A cowboy builder, jailed for ripping off a Whitstable pensioner of more than £50,000, will have to cough up just £1!

Peter Swain was jailed for 34 months after over-charging for work done at the house in Chestfield.

It should have cost the 82-year-old victim around £2,600 but the conman charged him a whopping £54,000 although he later handed back £300 to his victim.

Peter Swain. Picture: Kent Police.
Peter Swain. Picture: Kent Police.

Now Swain, of Iffin Lane, Thanington Without, has been told he only has to repay a nominal quid because he doesn’t have any other assets.

After his jailing, the police launched a financial probe under the Proceeds of Crime Act to see if more money could be recovered from what he owns.

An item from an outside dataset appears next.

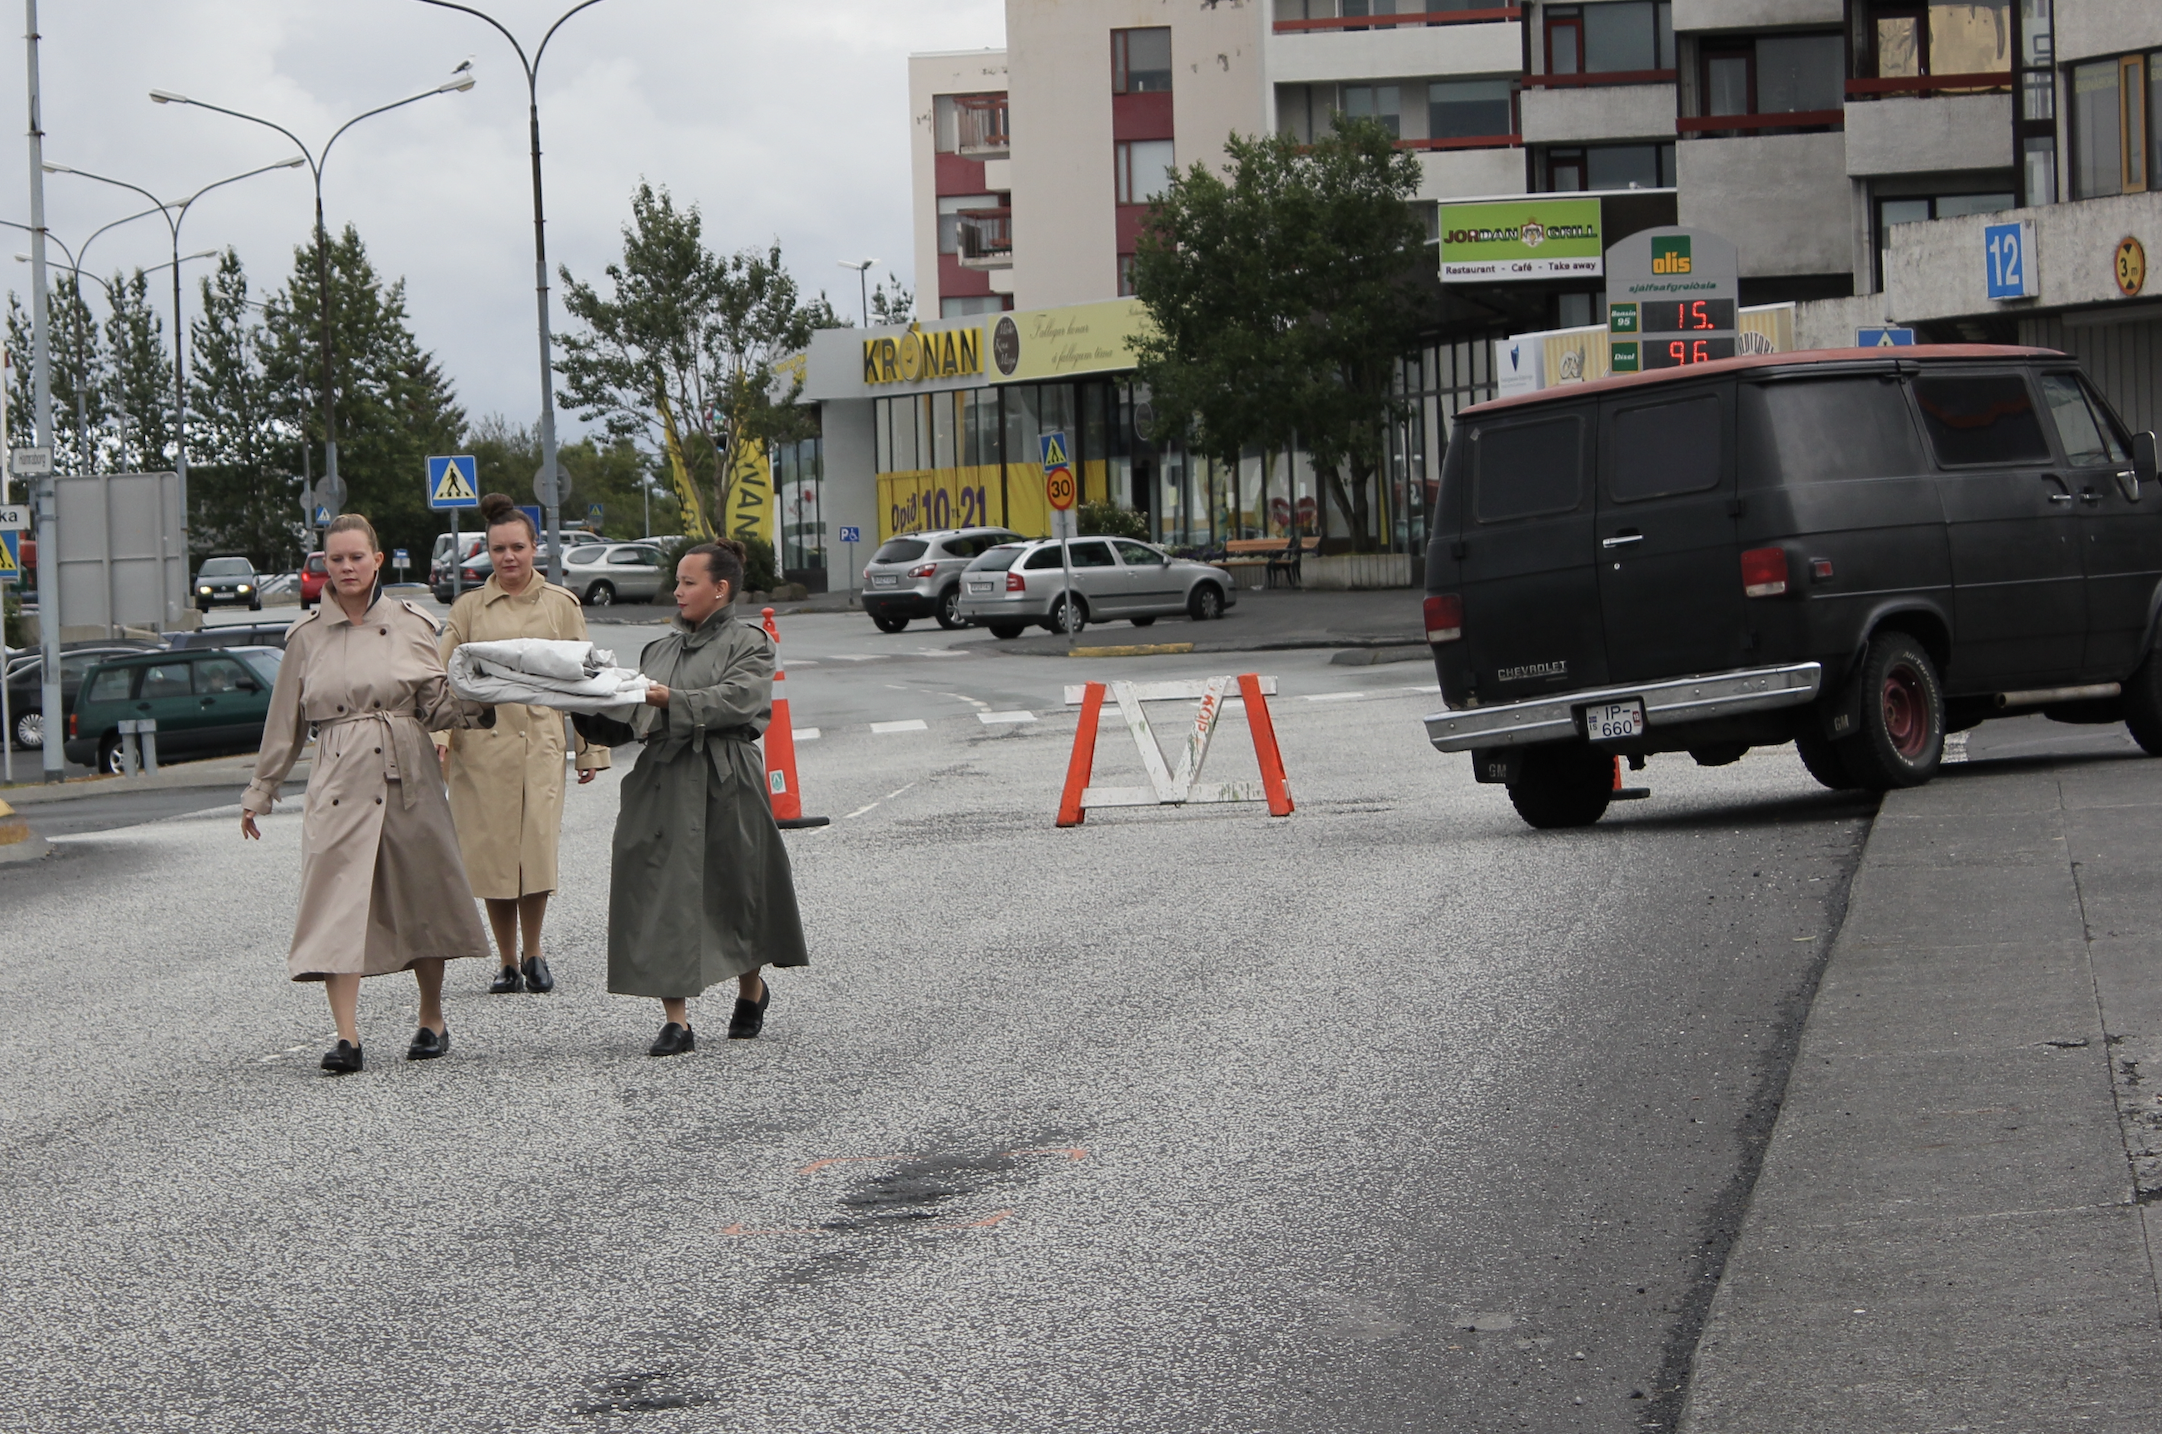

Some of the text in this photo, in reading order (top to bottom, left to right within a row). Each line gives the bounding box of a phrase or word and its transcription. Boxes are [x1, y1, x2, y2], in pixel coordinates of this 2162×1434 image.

But a judge at Canterbury Crown Court heard today the Swain – who is still serving his sentence – didn’t have any recoverable assets.

Judge Adele Williams
Judge Adele Williams

The fraudster – who appeared by video link from Elmley Prison – had targeted the pensioner in May 2015, asking if he wanted his driveway cleaned.

The victim agreed and work began only for Swain to claim other work at the property needed doing.

Judge Adele Williams heard how the conman even took photographs to convince the pensioner that the repair work needed doing but never set a price.

The case was heard at Canterbury Crown Court
The case was heard at Canterbury Crown Court

Swain told the man his name was Michael Tate and kept asking for more and more money to be paid into his bank account, eventually pocketing more than 20 times its value.

But the judge heard that when an expert was called in to undertake an in-depth report on the quality and value of the work, he decided if it had been done by an expert it should only have cost £2,682.

Swain – who claimed another builder he worked with had done all the quotes – has since repaid £300 to his victim.

Judge Williams told the builder, who admitted fraud by false representation: "You committed fraud on an old man, doing work on his property which was worth £2,600, and yet charging him £54,000.

"This man was vulnerable because of his age and anyone committing fraud in this way can expect nothing but an immediate jail sentence."